Comme vu précédemment, il existe des sacs en nylon (Now you lose old nippon, vous connaissez la légende de cette appellation?) plus résistante que le polyester mais plus sensible à la chaleur.

En même temps sa température de fusion est de 220°C, je ne pense pas que vous y arriverez avec votre moût…

Le coton est déconseillé notamment pour sa fragilité et déformabilité. Il ne pourrait pas porter convenablement le poids de vos céréales gorgées de moût. Le coton est parfois utilisé pour les chaussettes de houblonnage.

Taille des mailles

Il semblerait communément admis qu’une taille de mailles à 200 microns fonctionne bien.

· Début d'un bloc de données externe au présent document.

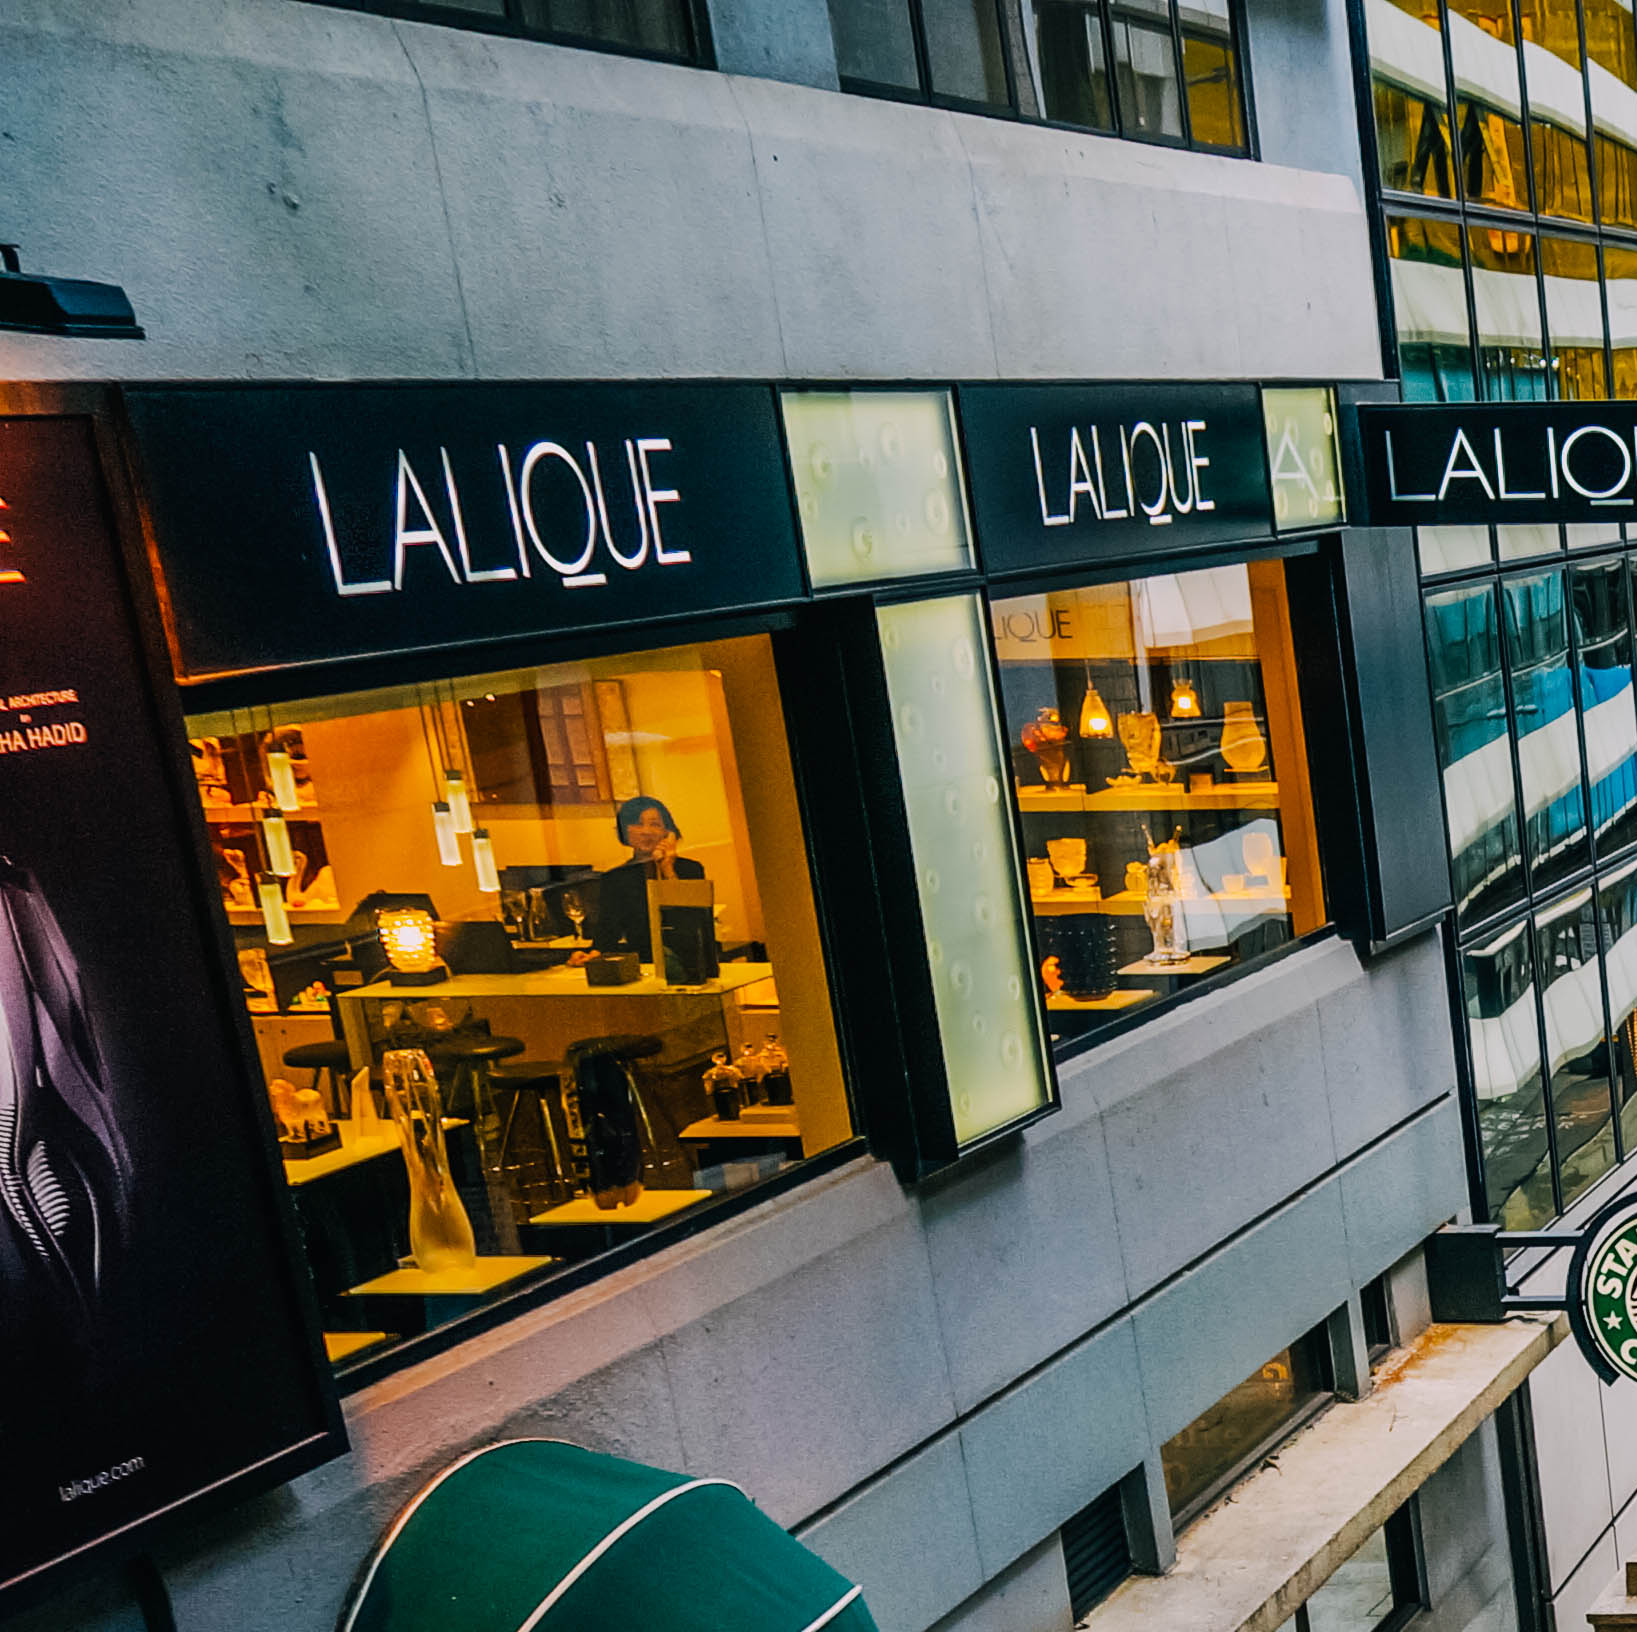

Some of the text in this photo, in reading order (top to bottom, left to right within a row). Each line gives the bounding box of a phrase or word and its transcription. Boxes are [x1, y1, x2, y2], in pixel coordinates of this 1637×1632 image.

[309, 438, 691, 596] LALIQUE
[1030, 419, 1215, 527] LALIQUE
[25, 721, 88, 750] HADID
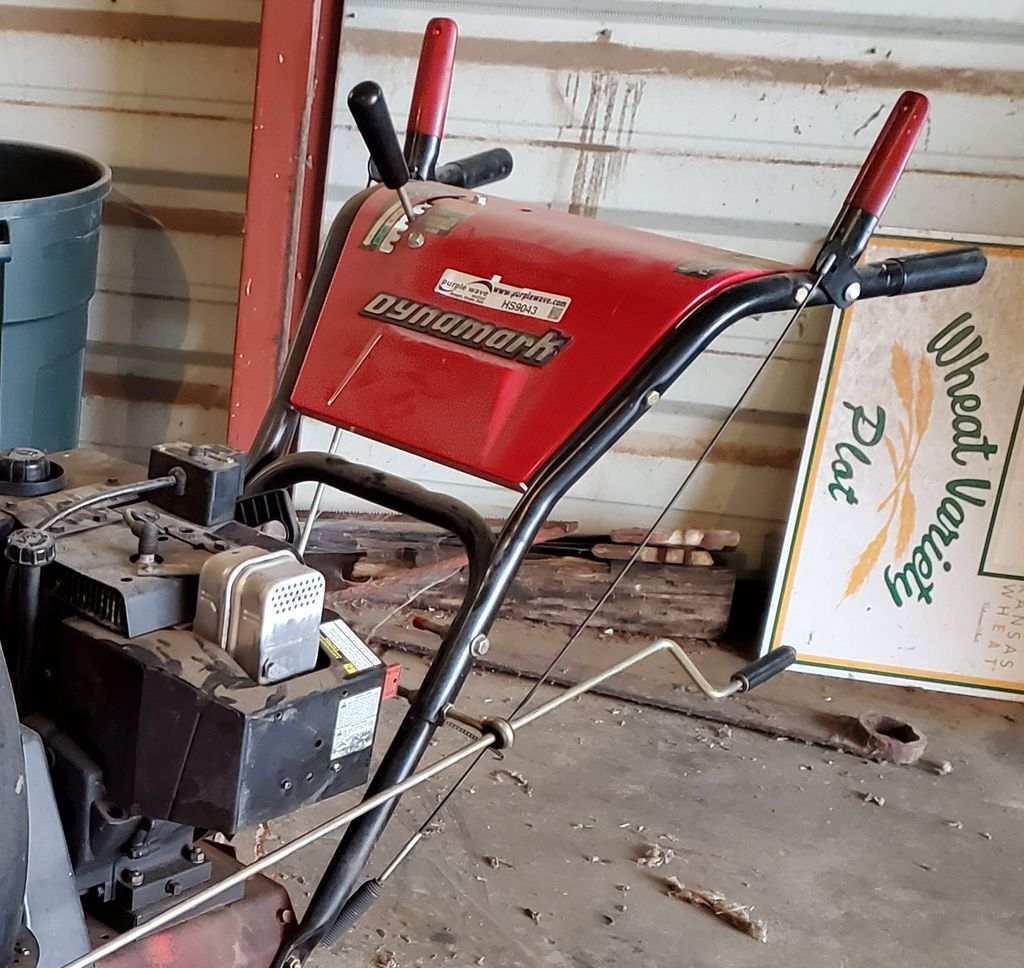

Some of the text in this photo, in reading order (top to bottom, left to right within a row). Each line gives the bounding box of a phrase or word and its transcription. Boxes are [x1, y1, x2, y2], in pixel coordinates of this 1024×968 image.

[441, 279, 467, 292] purple
[468, 287, 489, 298] wave
[493, 286, 568, 308] www.purplewave.com
[501, 299, 538, 315] HS9043
[830, 400, 886, 507] Plot
[884, 311, 999, 608] Wheat Variety
[984, 584, 1017, 665] WHEAT
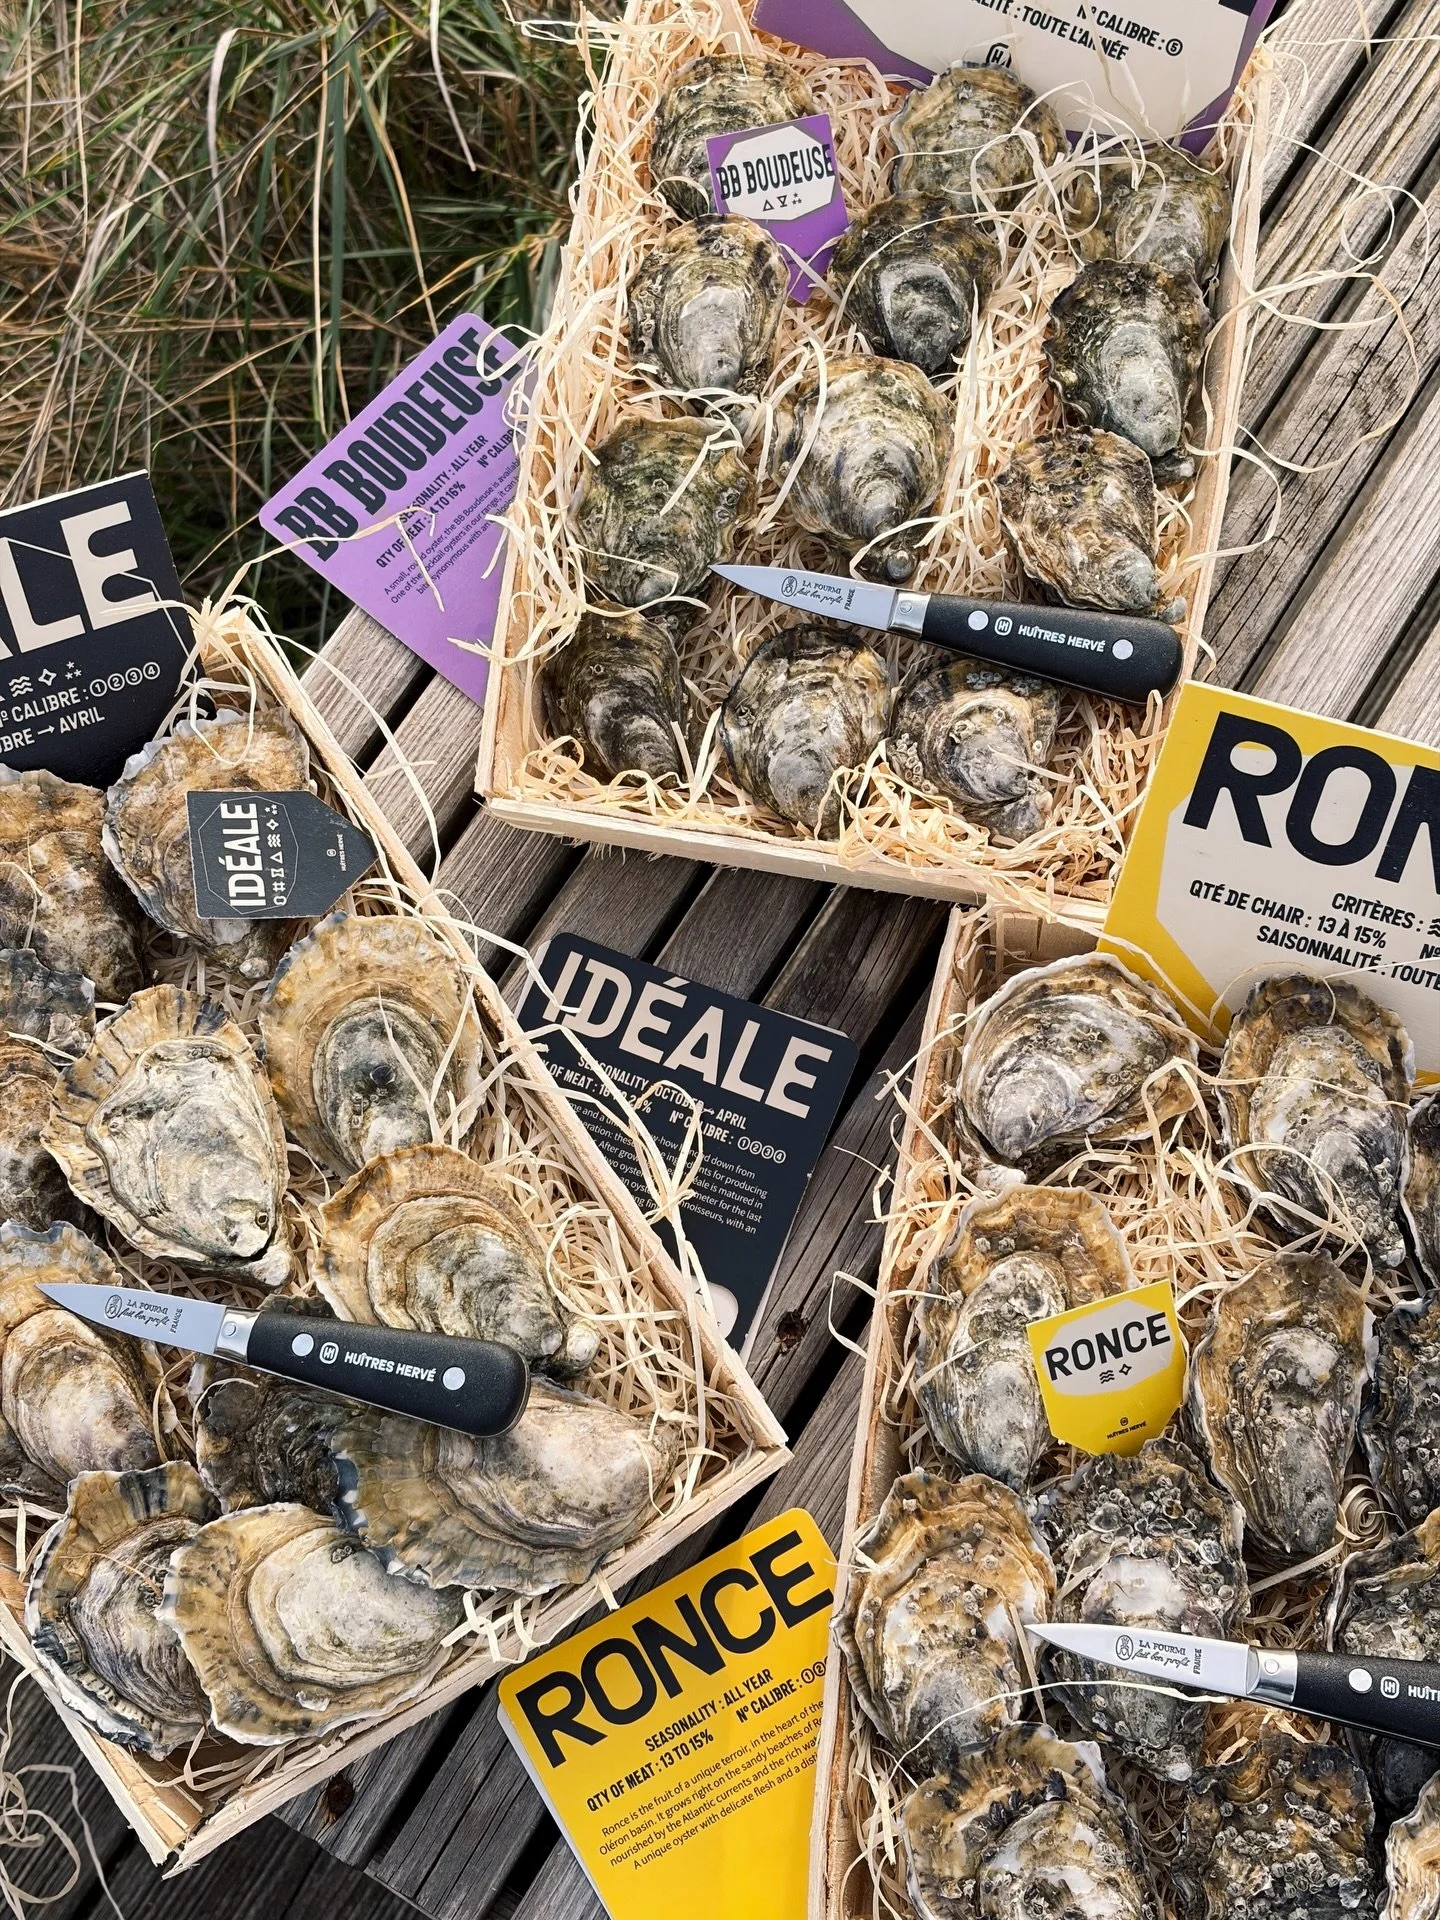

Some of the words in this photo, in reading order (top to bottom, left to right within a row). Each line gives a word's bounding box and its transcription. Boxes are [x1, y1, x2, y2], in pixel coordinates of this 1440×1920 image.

[1023, 5, 1070, 38] TOUTE
[1096, 10, 1160, 48] CALIBRE
[716, 164, 742, 200] BB
[743, 144, 835, 194] BOUDEUSE
[274, 486, 358, 562] BB
[321, 328, 522, 515] BOUDEUSE
[451, 455, 469, 472] ALL
[463, 435, 488, 457] YEAR
[376, 548, 395, 568] QTY
[392, 538, 405, 552] OF
[434, 496, 450, 510] TO
[446, 481, 466, 499] 16%
[389, 571, 410, 590] small,
[444, 524, 456, 535] the
[453, 514, 465, 525] BB
[463, 487, 494, 517] Boudeuse
[391, 590, 406, 603] One
[410, 573, 423, 584] the
[425, 550, 446, 573] ocktail
[444, 530, 466, 552] oysters
[471, 513, 482, 525] our
[504, 480, 516, 492] can
[468, 530, 482, 544] with
[1017, 623, 1066, 644] HUÎTRES
[1066, 634, 1105, 652] HERVÉ
[12, 687, 81, 722] CALIBRE
[59, 706, 105, 734] AVRIL
[218, 803, 267, 906] IDÉALE
[1189, 879, 1225, 903] QTÉ
[1225, 888, 1248, 910] DE
[1251, 897, 1304, 925] CHAIR
[1317, 915, 1337, 934] 13
[1336, 918, 1351, 938] À
[1353, 925, 1387, 949] 15%
[1331, 893, 1416, 930] CRITÈRES
[1256, 925, 1381, 974] SAISONNALITÉ
[542, 951, 833, 1119] IDÉALE
[564, 1069, 593, 1089] MEAT
[682, 1115, 729, 1142] CIBRE
[577, 1054, 648, 1091] SEONALITY
[716, 1109, 746, 1129] APRIL
[582, 1109, 599, 1119] and
[711, 1157, 734, 1171] down
[735, 1165, 755, 1179] from
[598, 1141, 619, 1153] After
[718, 1188, 755, 1206] matured
[713, 1170, 725, 1181] for
[724, 1177, 768, 1199] producing
[718, 1200, 731, 1210] for
[732, 1205, 746, 1216] the
[746, 1210, 762, 1223] last
[726, 1218, 744, 1229] with
[343, 1349, 395, 1372] HUÎTRES
[394, 1362, 436, 1382] HERVÉ
[1045, 1311, 1171, 1381] RONCE
[515, 1531, 834, 1768] RONCE
[1138, 1639, 1151, 1648] LA
[1152, 1642, 1186, 1655] FOURMI
[1191, 1648, 1203, 1674] FRANCE
[587, 1789, 610, 1811] QTY
[610, 1780, 624, 1798] OF
[625, 1762, 655, 1789] MEAT
[660, 1752, 674, 1768] 13
[672, 1743, 690, 1760] TO
[689, 1729, 714, 1751] 15%
[750, 1679, 797, 1714] CALIBRE
[645, 1700, 717, 1752] SEASONALITY
[723, 1686, 745, 1706] ALL
[742, 1669, 773, 1693] YEAR
[600, 1834, 630, 1855] Oléron
[629, 1820, 657, 1837] basin.
[656, 1812, 665, 1821] It
[665, 1797, 692, 1819] grows
[692, 1783, 714, 1801] right
[713, 1777, 725, 1788] on
[725, 1768, 741, 1780] the
[741, 1751, 767, 1771] sandy
[766, 1730, 803, 1755] beaches
[804, 1721, 813, 1733] of
[602, 1817, 630, 1837] Ronce
[630, 1812, 639, 1821] is
[638, 1803, 654, 1815] the
[654, 1790, 674, 1806] fruit
[674, 1782, 683, 1794] of
[691, 1762, 721, 1784] unique
[721, 1745, 751, 1766] terroir,
[750, 1739, 760, 1748] in
[760, 1730, 776, 1742] the
[775, 1715, 800, 1733] heart
[800, 1707, 809, 1719] of
[809, 1701, 823, 1713] the
[610, 1834, 654, 1866] nourished
[653, 1829, 666, 1840] by
[666, 1820, 682, 1832] the
[682, 1799, 716, 1824] Atlantic
[716, 1778, 752, 1803] currents
[752, 1765, 769, 1781] and
[769, 1758, 785, 1770] the
[785, 1747, 802, 1762] rich
[641, 1843, 672, 1865] unique
[673, 1826, 698, 1846] oyster
[699, 1813, 720, 1829] with
[720, 1793, 754, 1817] delicate
[753, 1780, 776, 1797] flesh
[776, 1767, 794, 1784] and

Plus les mailles sont fines, plus votre écoulement de moût sera compliqué. Et inversement, plus les mailles seront grossières et plus vous risquerez de faire passer votre farine de céréales dans votre moût.

2- J’ai mon sac, comment l’utilise t’on?

# Comment régler mon concassage?

Tous les secrets sur le concassage sont concentrés dans cet article.

La méthode BIAB peut utiliser des céréales concassées plus finement pour améliorer les rendements d’extraction des sucres.

En effet, les céréales ne sont plus utilisées en tant que filtre et la méthode ne présente donc moins de risque de colmatage. Vous pouvez donc moudre vos céréales quasiment jusqu’à obtention d’une farine.

De gauche à droite : zéro concassage / concassage grossier / concassage farine

Il vous sera donc également plus facile de brasser des bières de blé. Vous savez cette céréale qui ne comporte pas d’enveloppe et que se transforme donc rapidement en farine qui colmate tout!

Les bières de blé, c’est hyper bon! Je prépare actuellement ma petite recette pour mon prochain brassage, une witbier aux agrumes et gingembre. Ça vous faire rêver?

# Comment déterminer mon volume d’eau?

Il est primordial de bien quantifier l’eau nécessaire en amont de l’empâtage. Vous n’aurez donc pas à ajouter d’eau avant votre ébullition. Michael de Little Bock explique très bien tous les paramètres qui entrent en compte.

Volume eau d’empâtage BIAB = Volume cible de pré-ébullition + Volume absorbé par les grains

Vous allez vite comprendre qu’il vous faut une grande cuve!

# Concrètement, que fait-on?

  • Placez le malt concassé dans le sac.
  • Faites chauffer l’eau juste quelques degrés au dessus de votre cible.
  • Immergez le sac dans l’eau chaude en prenant soin de couper la chauffe. Assurez-vous que l’intégralité du malt est mouillé. Remuez pour homogénéiser les températures.
  • Contrôlez la température et si la température est adéquate, fermez le couvercle pour conserver la température.
  • Contrôlez la température toutes les 15 minutes. S’il est nécessaire de chauffer à nouveau. Remontez légèrement le sac pour qu’il ne soit pas en contact avec la source chaude.
  • Faites monter et descendre le sac dans la cuve pour homogénéiser les températures pendant la chauffe. Puis coupez à nouveau et contrôlez la température.
  • Remuez la maische soigneusement pour uniformiser les températures.
  • Après 60 minutes un test à l’iode vous permettra de savoir si la saccharification est terminée.
  • Levez le sac et laissez-le s’écouler au dessus de la cuve.
  • Commencez l’ébullition de votre moût […]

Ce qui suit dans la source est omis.